-------- Extracted information --------

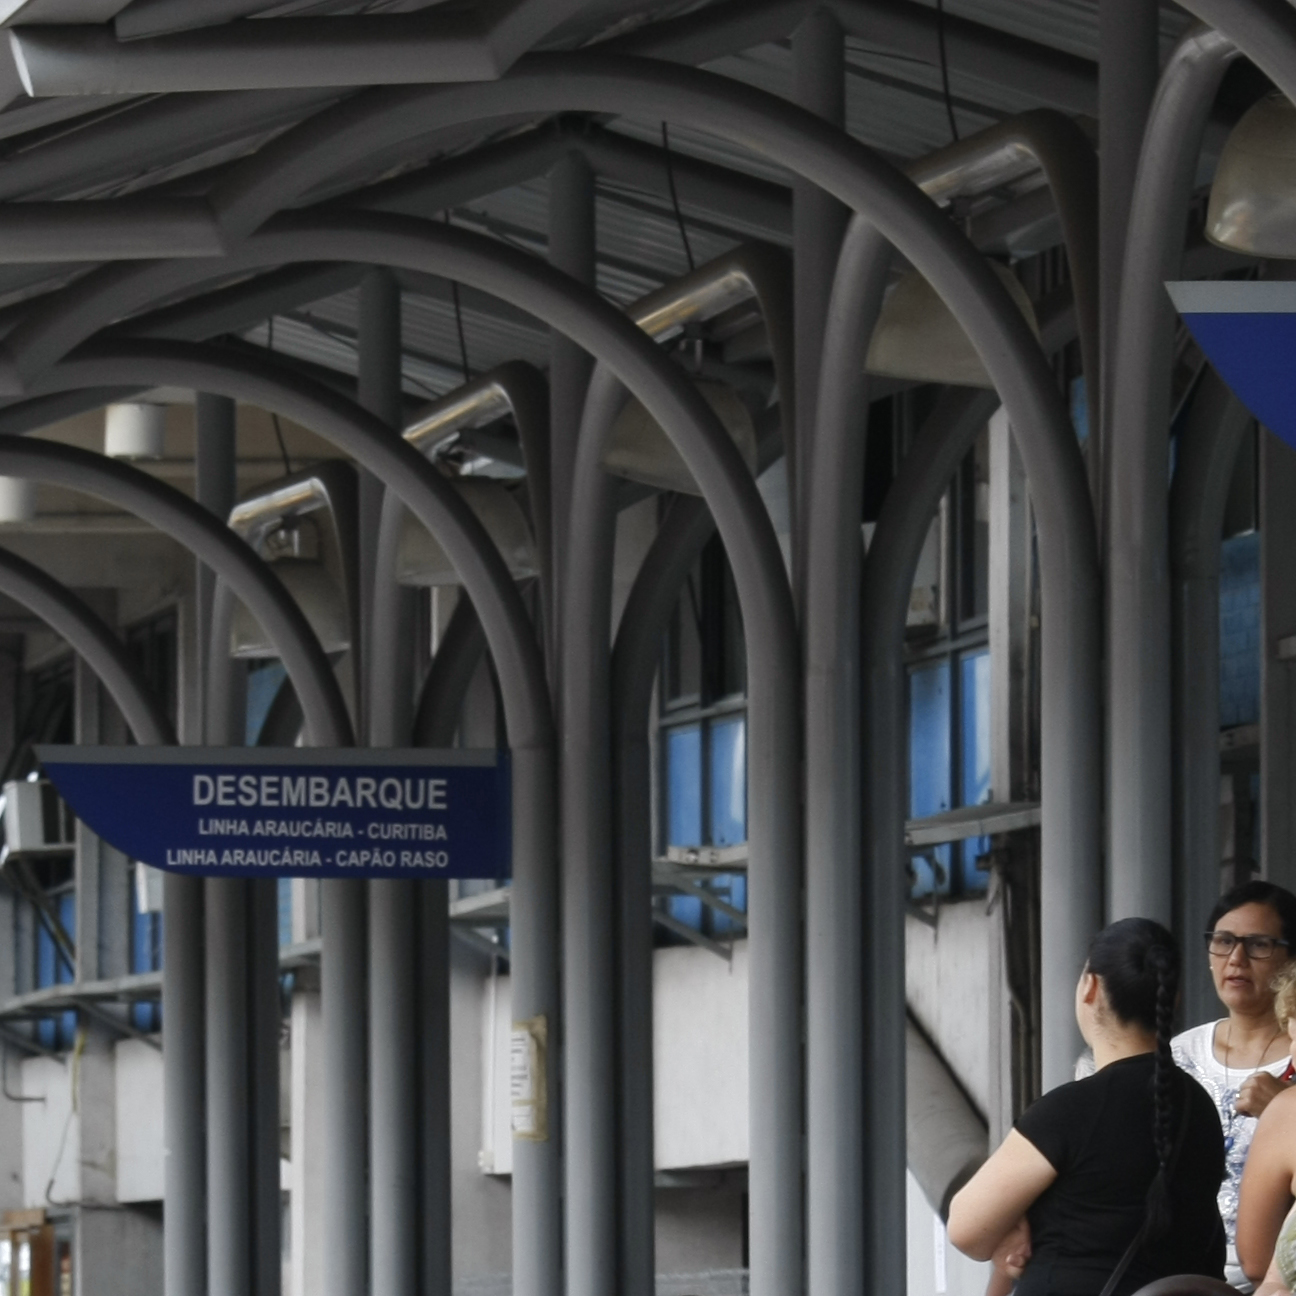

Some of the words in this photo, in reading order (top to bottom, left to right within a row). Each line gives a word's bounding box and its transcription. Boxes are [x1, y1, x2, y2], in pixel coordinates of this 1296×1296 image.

[193, 775, 447, 811] DESEMBARQUE
[198, 818, 249, 836] LINHA
[252, 815, 353, 838] ARAUCÁRIA
[367, 822, 447, 841] CURITIBA
[166, 848, 218, 866] LINHA
[220, 845, 322, 868] ARAUCÁRIA
[336, 847, 396, 869] CAPÃO
[400, 851, 448, 869] RASO
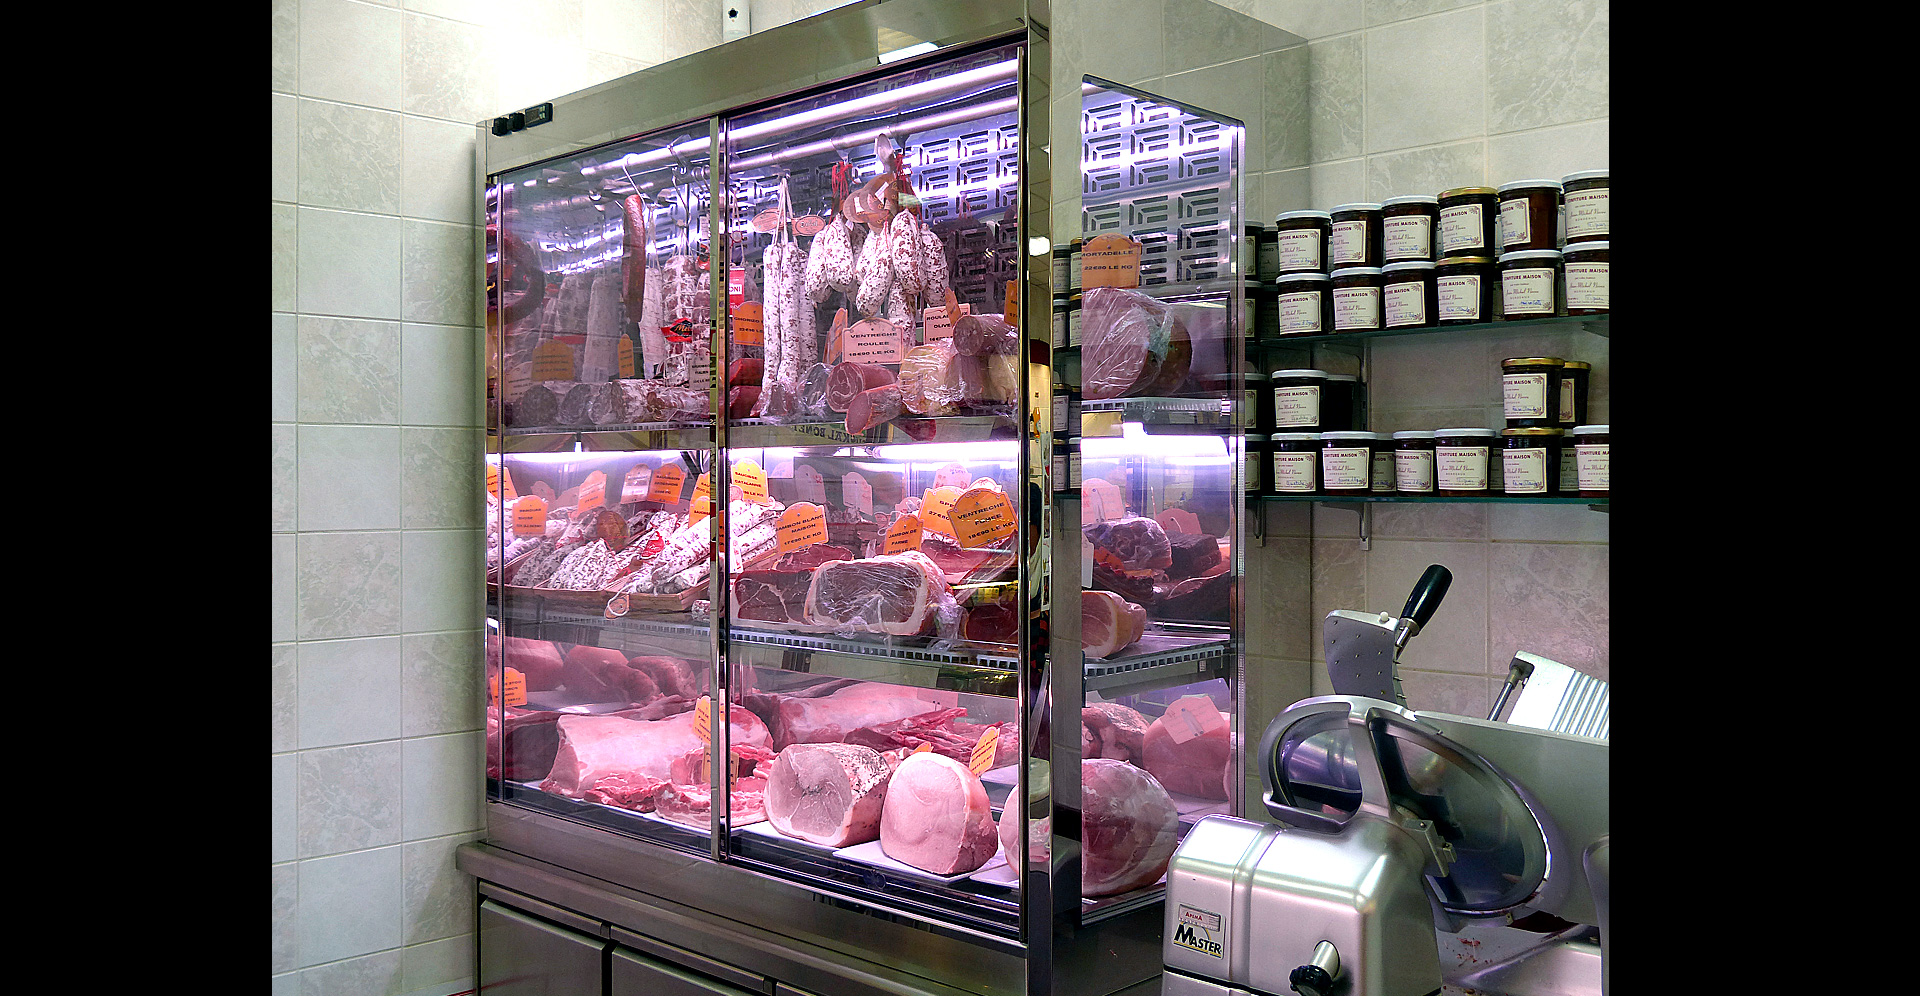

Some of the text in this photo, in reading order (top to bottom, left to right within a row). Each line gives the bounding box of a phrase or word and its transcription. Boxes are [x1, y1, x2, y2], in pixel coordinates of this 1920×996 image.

[850, 332, 898, 340] VENTRECHE
[957, 502, 1005, 520] VENTRECHE
[775, 514, 824, 531] JAMBON BLANC
[791, 523, 816, 533] MAISON
[991, 524, 1001, 533] LE
[1002, 521, 1015, 529] KG
[888, 530, 909, 539] JAMBON
[1174, 924, 1222, 954] MASTER

--------

### The problem
An exact copy of the entries above is required; pictures are not part of it.

### Exercise answer
Some of the words in this photo, in reading order (top to bottom, left to right within a row). Each line gives a word's bounding box and its transcription. Boxes are [x1, y1, x2, y2], in pixel coordinates of this 1296×1296 image.

[193, 775, 447, 811] DESEMBARQUE
[198, 818, 249, 836] LINHA
[252, 815, 353, 838] ARAUCÁRIA
[367, 822, 447, 841] CURITIBA
[166, 848, 218, 866] LINHA
[220, 845, 322, 868] ARAUCÁRIA
[336, 847, 396, 869] CAPÃO
[400, 851, 448, 869] RASO

Some of the text in this photo, in reading order (top to bottom, left to right within a row). Each line gives the bounding box of a phrase or word and its transcription. Boxes are [x1, y1, x2, y2], in pixel coordinates of this 1920×996 image.

[850, 332, 898, 340] VENTRECHE
[957, 502, 1005, 520] VENTRECHE
[775, 514, 824, 531] JAMBON BLANC
[791, 523, 816, 533] MAISON
[991, 524, 1001, 533] LE
[1002, 521, 1015, 529] KG
[888, 530, 909, 539] JAMBON
[1174, 924, 1222, 954] MASTER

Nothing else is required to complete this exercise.